Each year administrators prepare a detailed school improvement plan that’s partially based on MEAP test results. A variety of data sources are used in addition to the MEAP.

Morenci students were doing quite well in meeting state standards, said elementary school principal Mary Fisher, until the “cut score” standards were changed. Cut scores separate students into categories such as advanced, proficient and partially proficient.

When the change was made to meet a higher standard, the scores posted by many schools suddenly looked very weak.

The district is adjusting to the changes and scores are on their way up, she said.

RETIREMENTS—Retired teachers Pat Burnard (16 years with the district), Dennis Quist (34 years) and Liz Jarrell (36 years) were honored at the board meeting and presented with clocks.

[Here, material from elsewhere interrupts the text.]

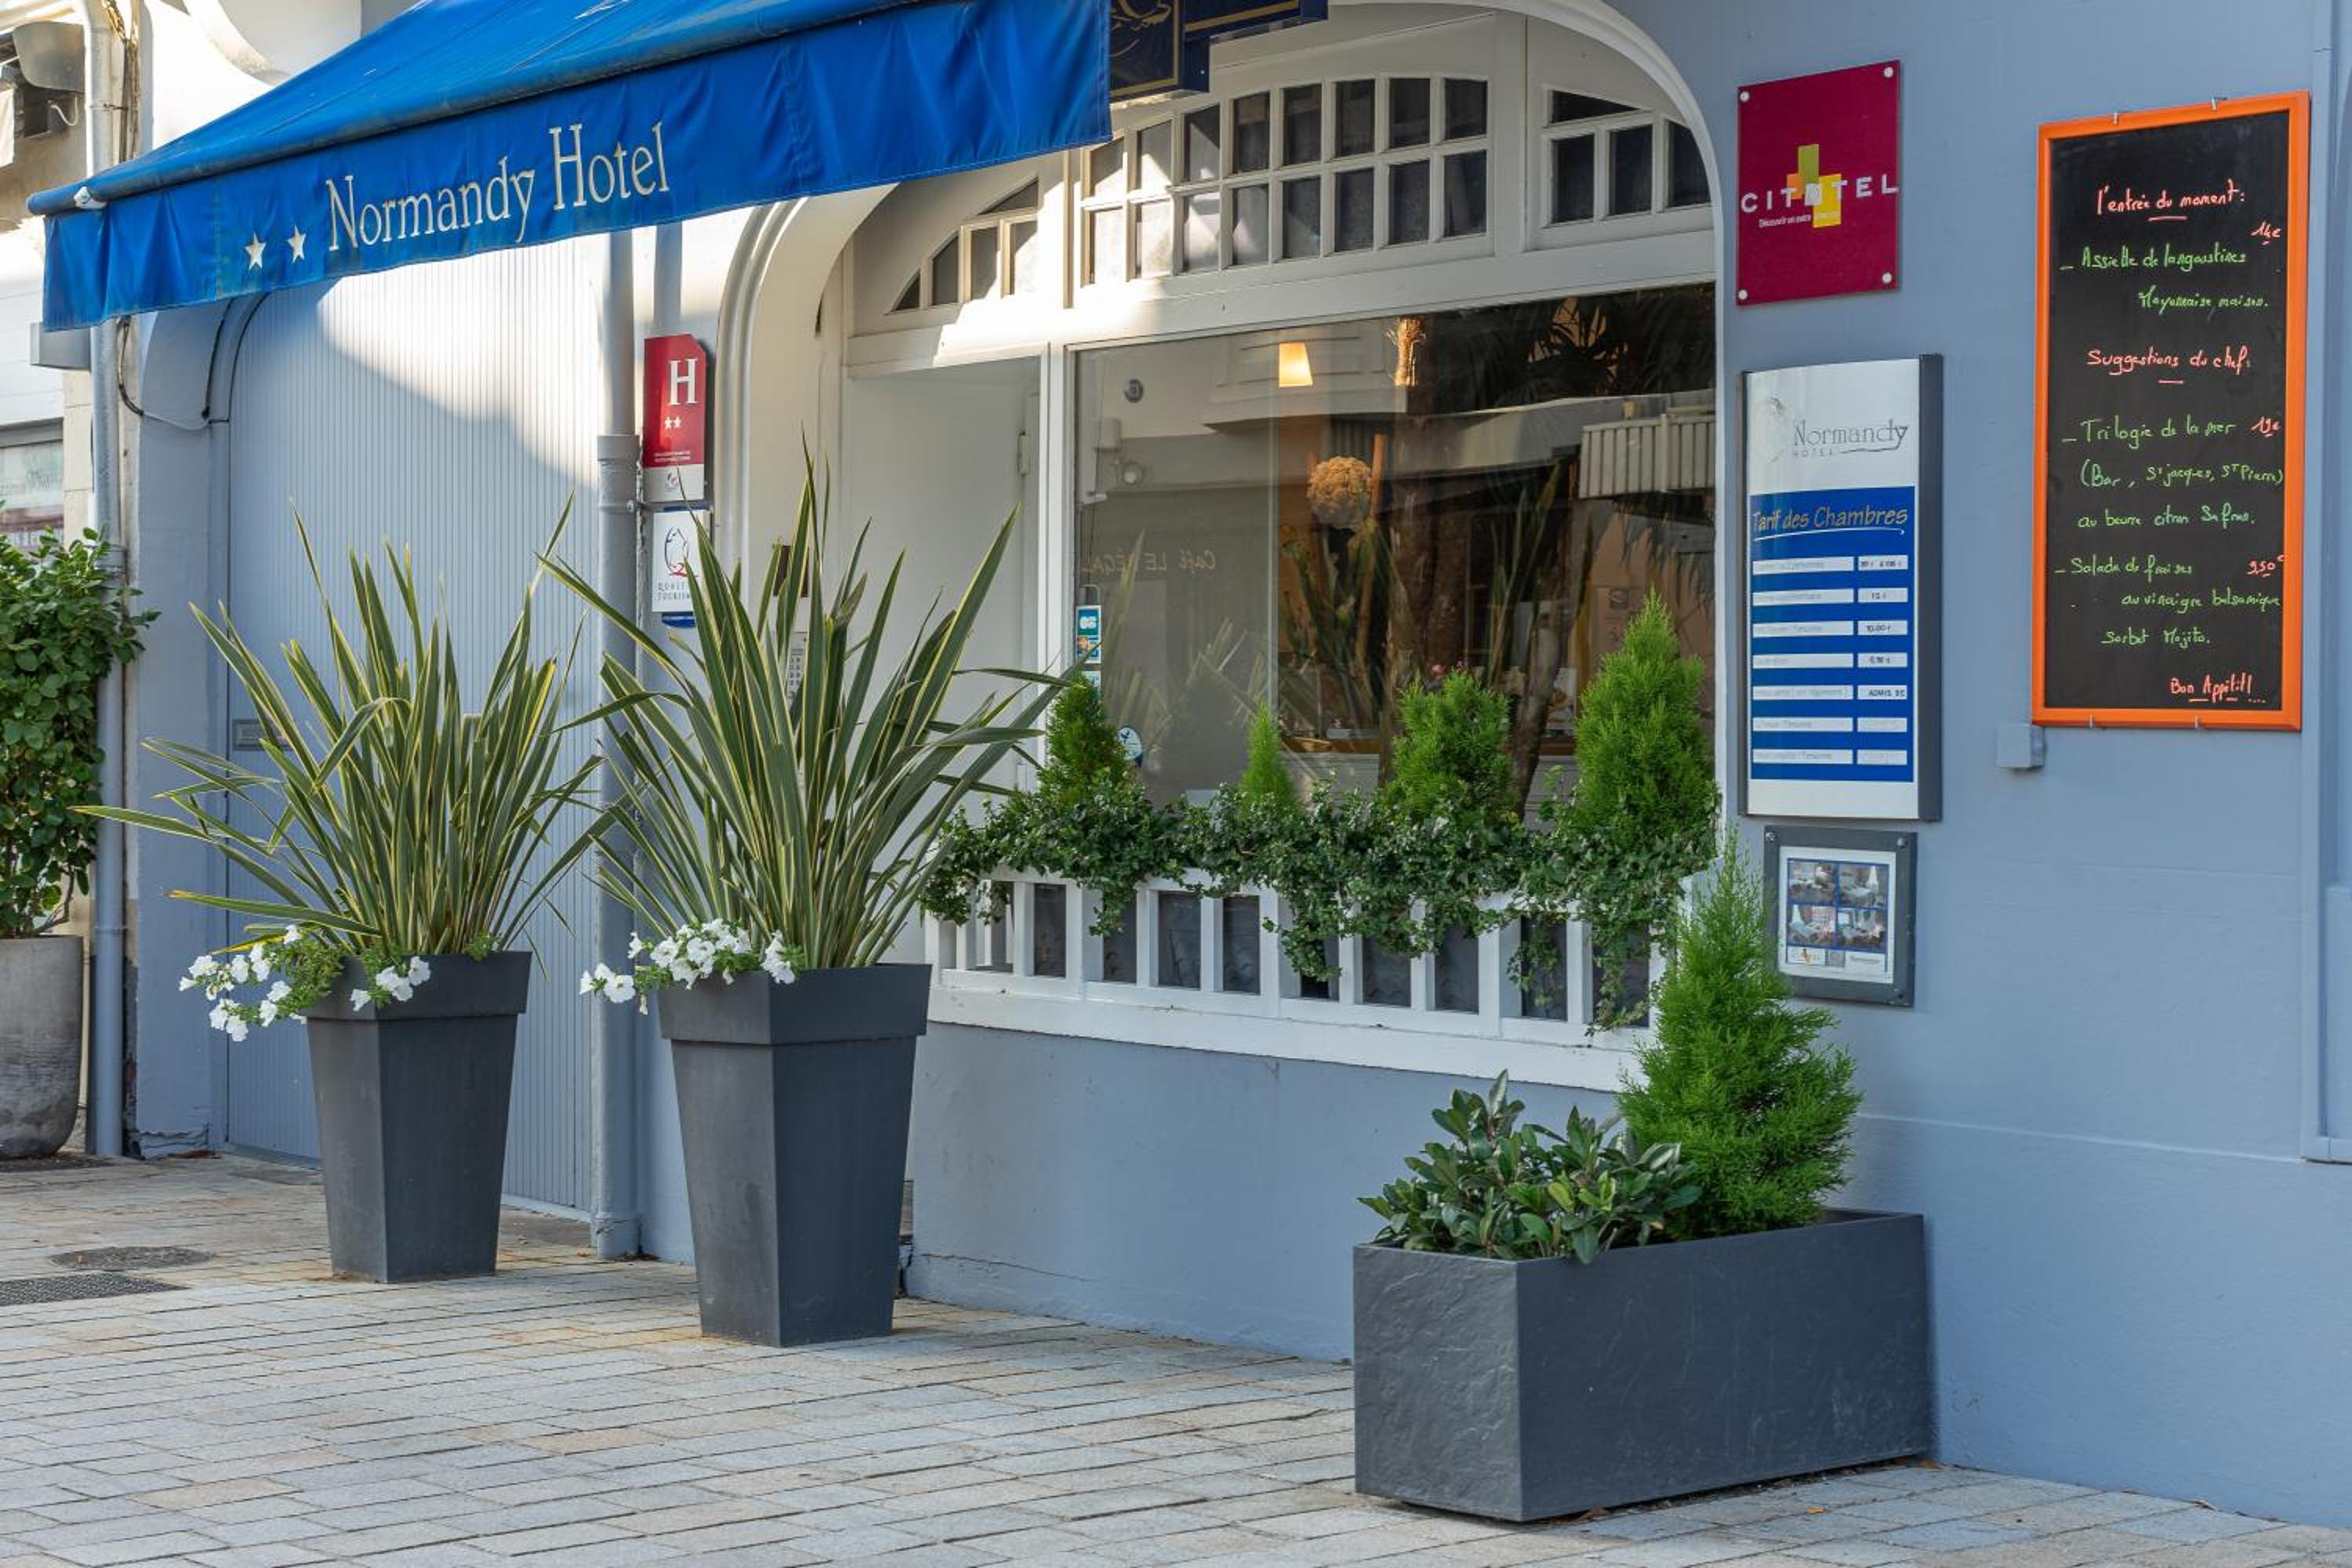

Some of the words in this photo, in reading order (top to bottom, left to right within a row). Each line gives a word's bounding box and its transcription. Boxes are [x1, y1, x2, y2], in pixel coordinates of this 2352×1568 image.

DISTANT LEARNING—Morenci is part of a consortium seeking federal Title II-A funds that would provide teacher training for distance learning opportunities. Siena Heights University would be part of the project.

IMPROVEMENT FUNDS—$56,000 remains in leftover funds from the middle school building project. A public address system that would tie together the middle and high school buildings was listed as a high priority during a discussion at the committee level. 

Technology coordinator Hilda Jones mentioned the need for replacement of the main internet infrastructure and also the need for new computers for teachers.

Teachers are being asked to do much more via the internet, she said, but older computers often make that a challenge.